Service Level Agreement

The general tasks of this phase are:

    1. Revisit the SLOs and make sure there is a clear understanding between the provider and consumer concerning the details of the high availability SLOs. Make sure this understanding is clearly articulated in a Service Level Agreement (SLA).
    2. As with any agreement between any two parties, there are roles and responsibilities for each. The consumer’s role is to create the market demand and give feedback to the provider indicating whether or not service level expectations are being met. Of course, the provider has the responsibilities of (1) making sure the services offered are aligned with the market demand, (2) making sure the IT infrastructure provided is capable of providing the services in a highly available fashion, and (3) managing the infrastructure to the availability level agreed to in the SLA. Inherently, the provider also assumes the major portion of the risk, but also has the prospects of high reward.
    3. Establish guidelines for accountability and consequences/remedies.
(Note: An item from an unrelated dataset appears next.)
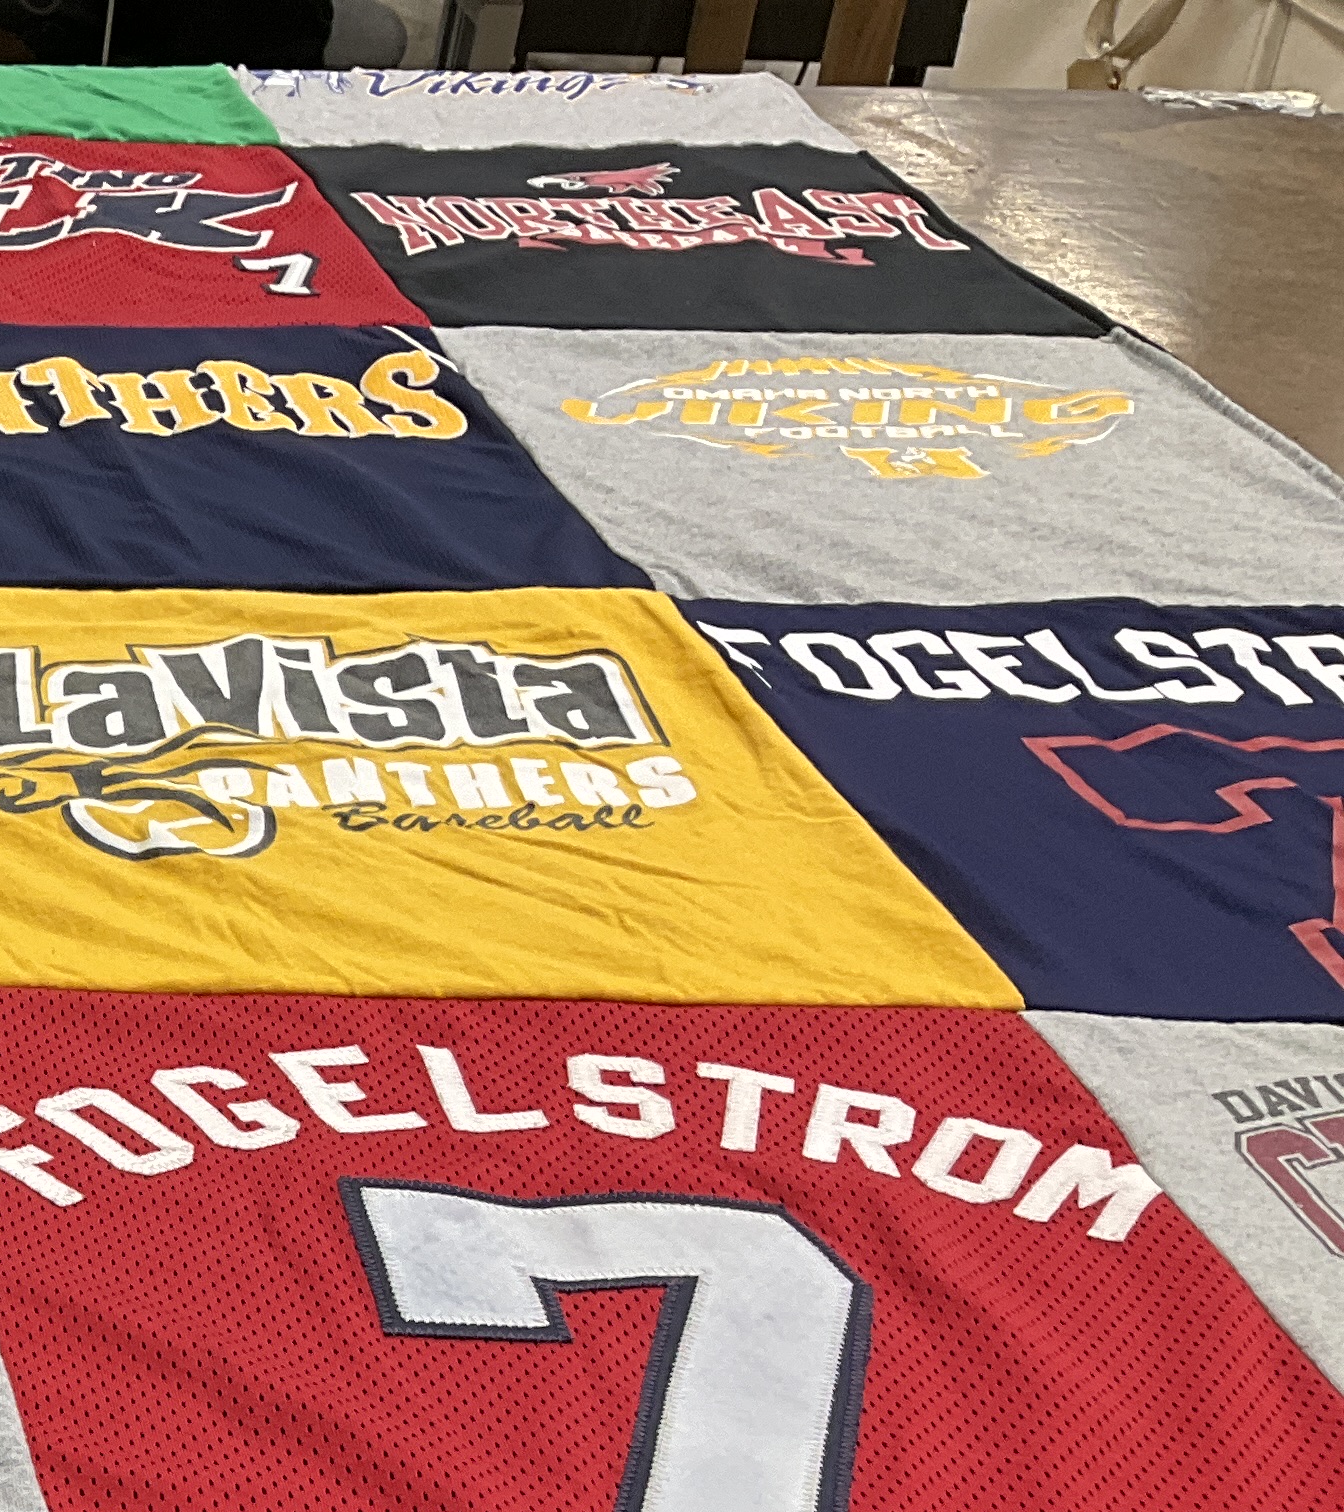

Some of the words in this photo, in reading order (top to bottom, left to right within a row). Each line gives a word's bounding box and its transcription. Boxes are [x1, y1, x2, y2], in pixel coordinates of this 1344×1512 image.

The ultimate goal of this task is to develop an accountability framework that will (1) allow the consumer to be accountable for providing timely feedback to the provider if service levels are not being met, and (2) allow the provider time to react to the feedback by offering corrective remedies prior to reaching a "terminate with cause" point. Of course, if remedies are not provided in a timely fashion, then clearly defined consequences must be defined in the SLA.
    4. Release the solution to deployment. Never release the solution to deployment without an SLA in place. This is such an obvious tenet, yet one that is often ignored.

 

 

 

Summary

Just as a ham hock in the culinary world tremendously enhances the flavor of a pot of black-eyed peas on New Years day, so does HAM enhance the "flavor" (predominant quality) of highly available services being provided to consumers in a corporate enterprise. Investing money to make a mission critical application highly available in the enterprise is money well spent only if the investment also includes the management of the HA properties of the services being provided by the application to the consumer. HAM insures that primary HA properties are, in fact, maintained in a TRUE state by continuously measuring and controlling the state in real-time. For example, in a two-node cluster a mission critical application is running in Single Point of Failure (SPOF) mode whenever the node of a cluster on which it is executing fails-over. If the fail-over event goes undetected, it is possible that the application will not be returned to redundancy mode prior to a second failure causing a catastrophic service outage. At the services level, HAM will determine if the single event correlates to a service outage, and will initiate corrective action by either dynamic control or console alerts. This is what HAM is all about – measuring and controlling events both in real-time and over time (trends) that affect the availability of business/IT services.